4. Graph Construction: Converts spatial data into graph formats using PyTorch Geometric (PyG), enabling the application of graph neural networks (GNNs).
5. Boundary Processing: Handles polygons, performs spatial geometrical calculations, and checks transcript overlaps with boundaries.

Key Technologies

• Dask: Facilitates parallel and lazy data processing, enabling scalable handling of large datasets.
• PyTorch Geometric (PyG): Enables the construction of graph-based data representations suitable for GNNs.
• Shapely & Geopandas: Utilized for spatial operations such as polygon creation, scaling, and spatial relationship computations.
• Dask-Geopandas: Extends Geopandas for parallel processing of geospatial data, enhancing scalability.

Core Components

1. SpatialTranscriptomicsSample (Abstract Base Class)

This abstract class defines the foundational structure for managing spatial transcriptomics datasets. It provides essential methods for:

• Loading Data: Scalable loading of transcript and boundary data using Dask.
• Filtering Transcripts: Applying quality-based or dataset-specific filtering criteria.
• Spatial Relationships: Computing overlaps and spatial relationships between transcripts and boundaries.
• Tiling: Dividing datasets into smaller spatial tiles for localized processing.
• Graph Preparation: Converting data tiles into PyTorch Geometric graph structures.

Key Methods:

• load_transcripts(): Loads transcriptomic data from Parquet files, applies quality filtering, and incorporates additional gene embeddings.
• load_boundaries(): Loads boundary data (e.g., cell or nucleus boundaries) from Parquet files.
• get_tile_data(): Retrieves transcriptomic and boundary data within specified spatial bounds.
• generate_and_scale_polygons(): Creates and scales polygon representations of boundaries for spatial computations.
• compute_transcript_overlap_with_boundaries(): Determines the association of transcripts with boundary polygons.
• build_pyg_data_from_tile(): Converts tile-specific data into HeteroData objects suitable for PyG models.

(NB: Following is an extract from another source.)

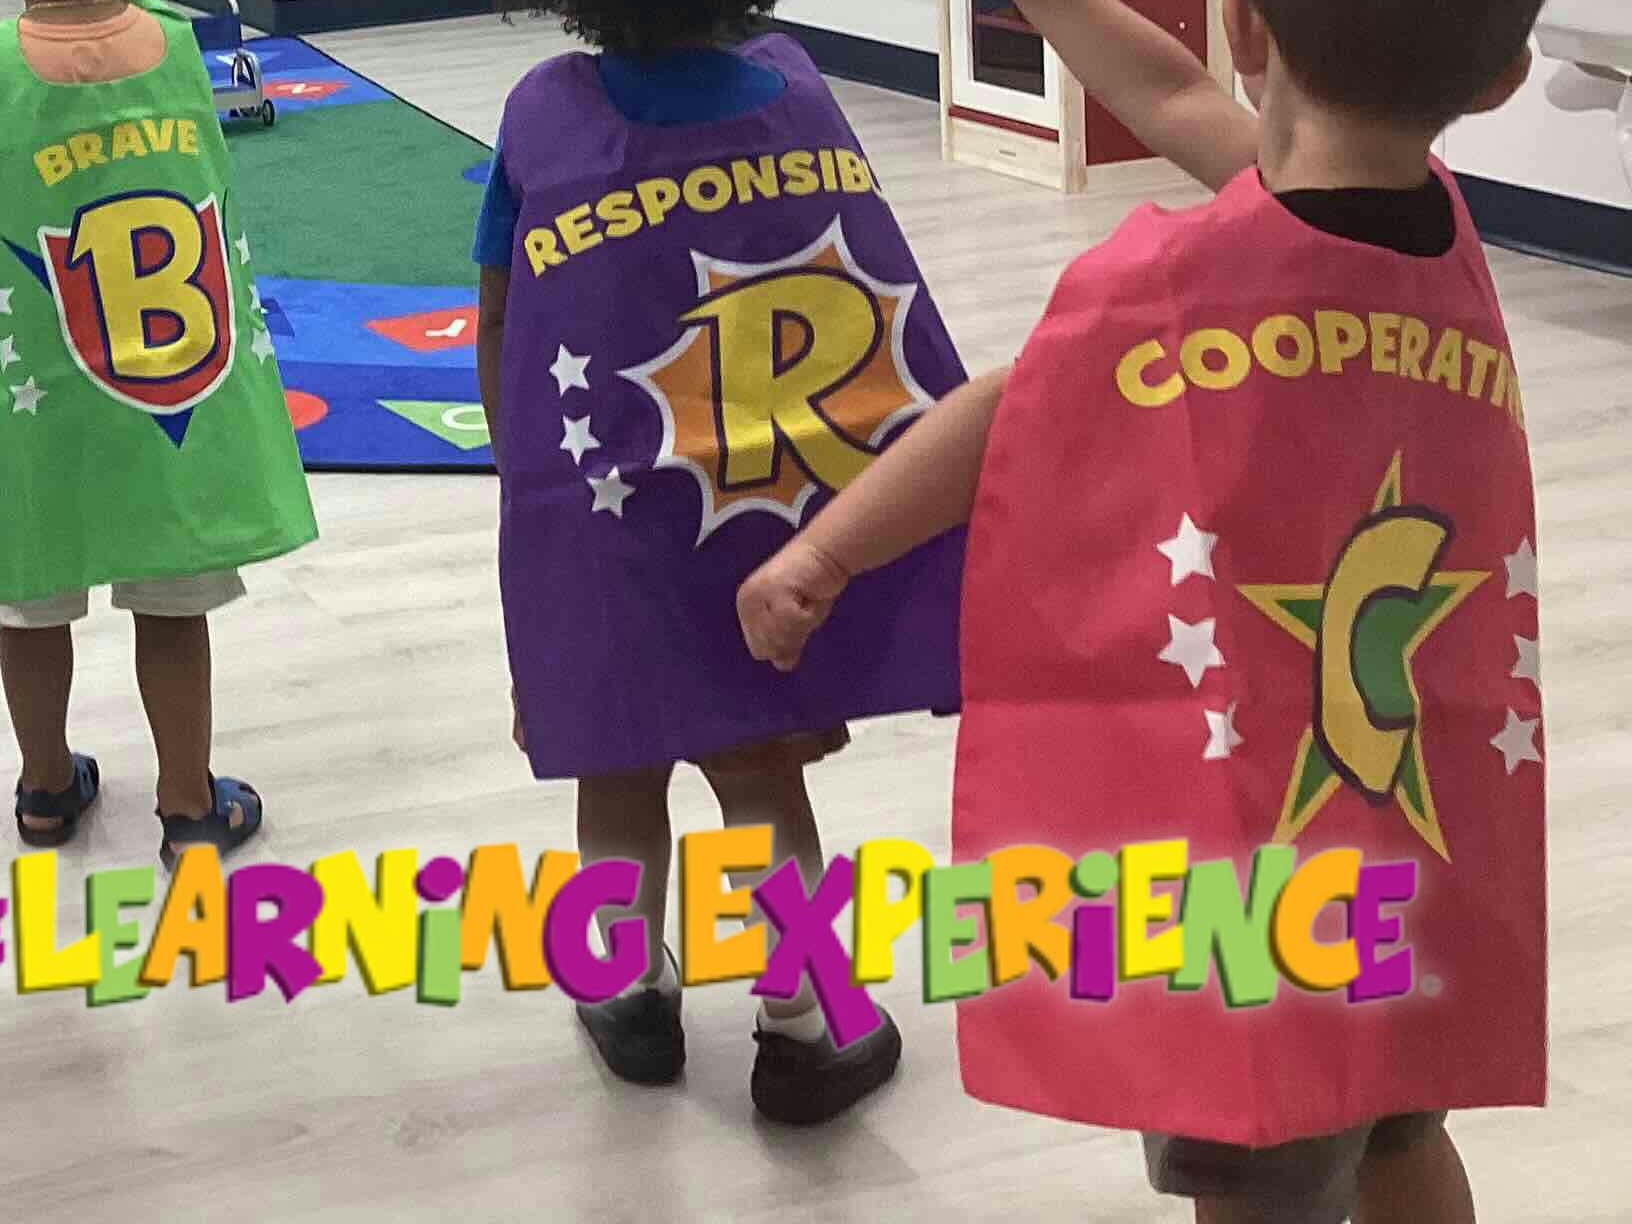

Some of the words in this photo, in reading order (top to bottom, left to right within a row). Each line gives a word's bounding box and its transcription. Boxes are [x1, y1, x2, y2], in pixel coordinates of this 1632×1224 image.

[33, 119, 200, 186] BRAVE
[68, 189, 220, 384] B
[678, 265, 883, 496] R
[1313, 504, 1453, 807] C

2. XeniumSample and MerscopeSample (Child Classes)

These classes inherit from SpatialTranscriptomicsSample and implement dataset-specific processing logic:

• XeniumSample: Tailored for Xenium datasets, it includes specific filtering rules to exclude unwanted transcripts based on naming patterns (e.g., NegControlProbe_, BLANK_).
• MerscopeSample: Designed for Merscope datasets, allowing for custom filtering and processing logic as needed.

Workflow

The dataset creation and processing workflow involves several key steps, each ensuring that the spatial transcriptomics data is appropriately prepared for downstream machine learning tasks.

Step 1: Data Loading and Filtering

• Transcriptomic Data: Loaded lazily using Dask to handle large datasets efficiently. Custom filtering rules specific to the dataset (Xenium or Merscope) are applied to ensure data quality.
• Boundary Data: Loaded similarly using Dask, representing spatial structures such as cell or nucleus boundaries.

Step 2: Tiling

• Spatial Segmentation: The dataset is divided into smaller, manageable tiles of size \(x_{\text{size}} \times y_{\text{size}}\), defined by their top-left corner coordinates \((x_i, y_j)\).

\[ n_x = \left\lfloor \frac{x_{\text{max}} - x_{\text{min}}}{d_x} \right\rfloor, \quad n_y = \left\lfloor \frac{y_{\text{max}} - y_{\text{min}}}{d_y} \right\rfloor \]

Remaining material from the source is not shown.